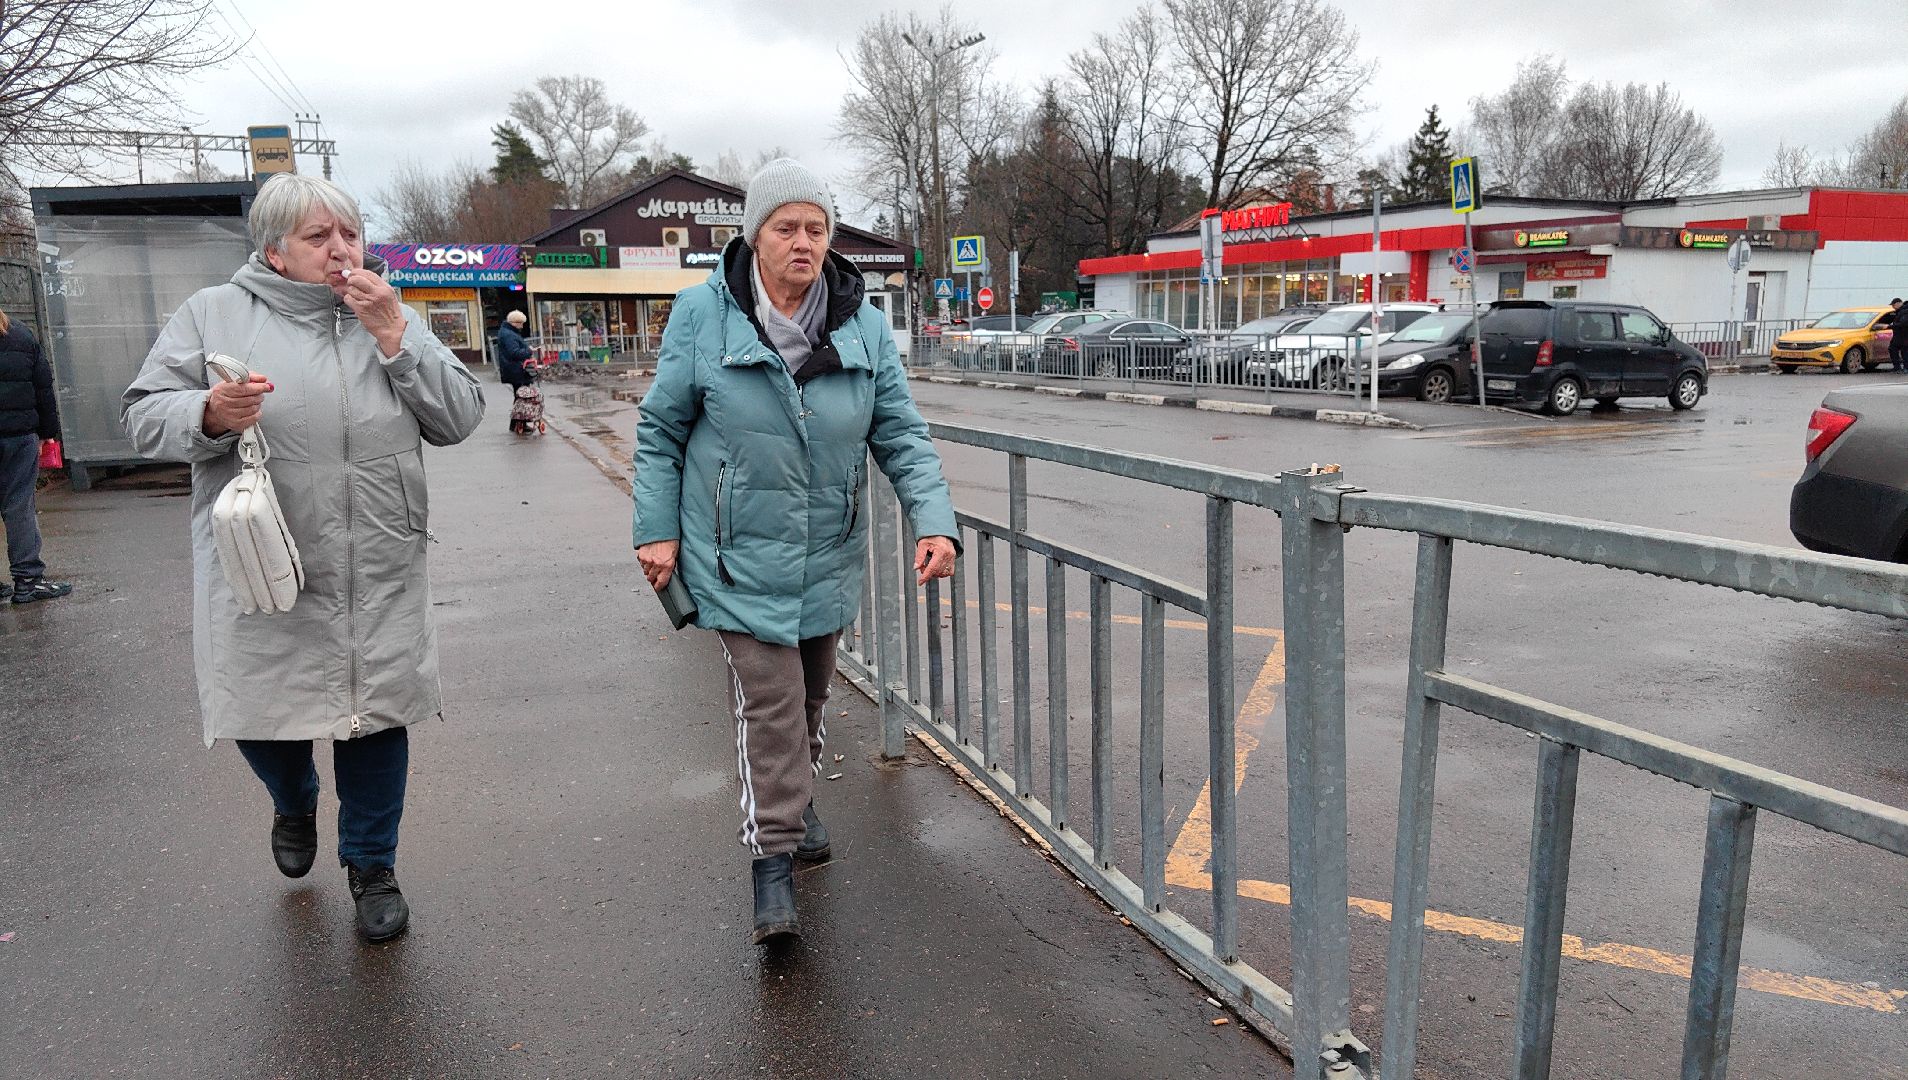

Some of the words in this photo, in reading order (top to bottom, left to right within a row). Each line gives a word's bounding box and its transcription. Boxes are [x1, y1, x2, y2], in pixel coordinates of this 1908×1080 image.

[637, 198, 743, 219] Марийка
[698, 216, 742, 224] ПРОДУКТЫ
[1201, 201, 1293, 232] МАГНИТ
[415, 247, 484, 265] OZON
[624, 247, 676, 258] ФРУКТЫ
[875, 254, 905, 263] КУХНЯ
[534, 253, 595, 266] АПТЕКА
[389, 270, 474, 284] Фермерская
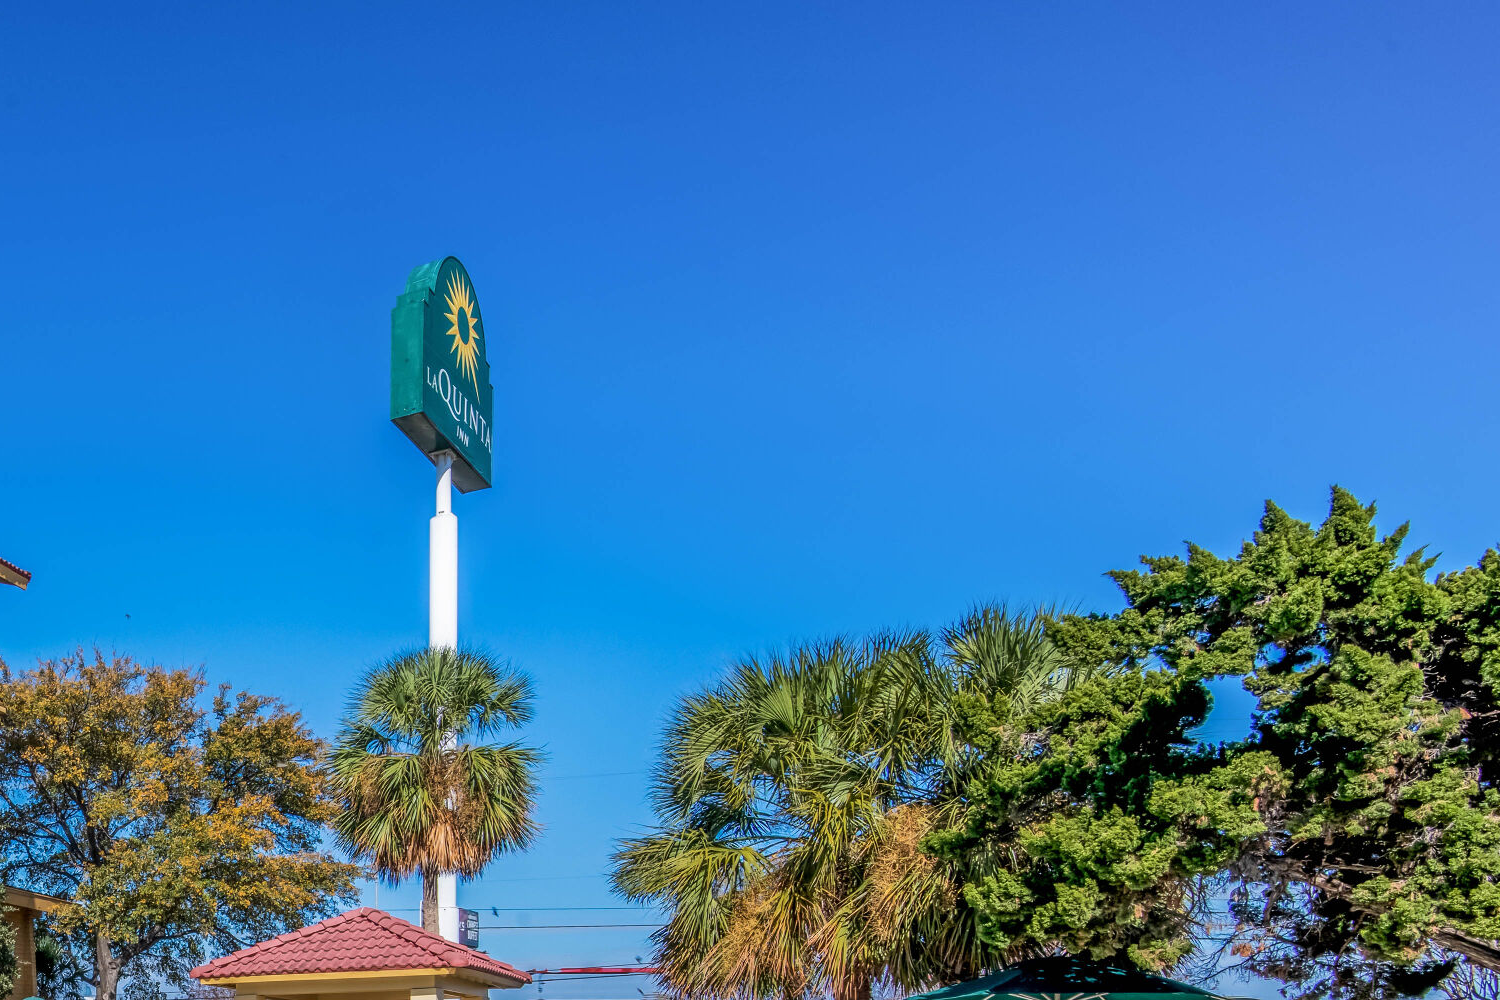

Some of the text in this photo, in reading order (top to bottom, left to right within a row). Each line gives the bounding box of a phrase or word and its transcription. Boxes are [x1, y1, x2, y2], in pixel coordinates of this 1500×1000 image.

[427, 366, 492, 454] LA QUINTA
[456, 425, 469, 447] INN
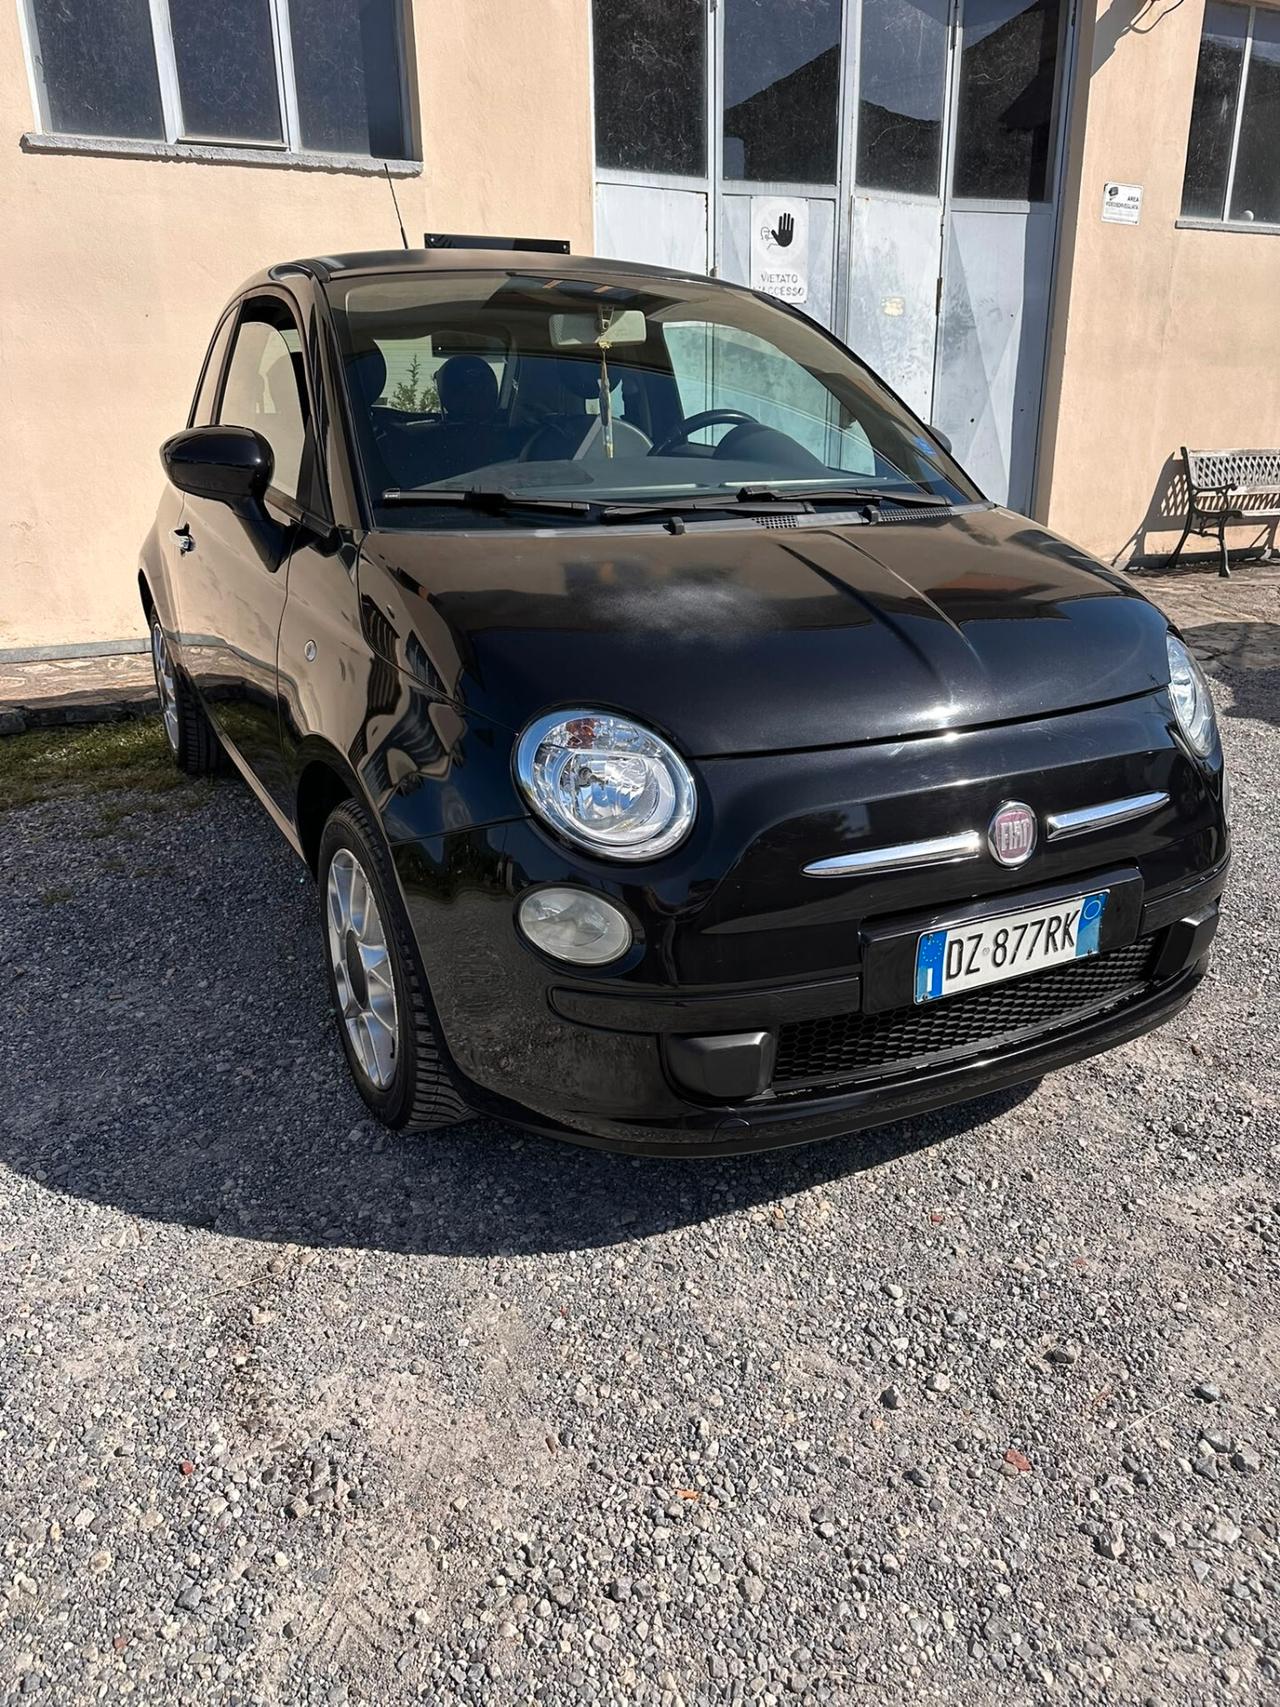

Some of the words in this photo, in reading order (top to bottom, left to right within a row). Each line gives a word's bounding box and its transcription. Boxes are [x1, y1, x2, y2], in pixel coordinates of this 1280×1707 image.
------------------------------------------------------------------------
• _About this task_: The lines to restate word for word run from the line that contains "Some of the text" through the end of the entries above, both ends included. Leave out all pictures and write nothing else.

• _Response to the exercise_:
Some of the text in this photo, in reading order (top to bottom, left to right within a row). Each line gives the bounding box of a phrase or word and its transcription. Boxes are [x1, y1, x2, y2], in pixel coordinates of this 1500×1000 image.

[427, 366, 492, 454] LA QUINTA
[456, 425, 469, 447] INN

Some of the words in this photo, in reading order (top to bottom, left to right within a row). Each line gives a word's bounding box and its transcription. Boxes are [x1, y1, x2, y2], in pixel coordinates of this 1280×1707 image.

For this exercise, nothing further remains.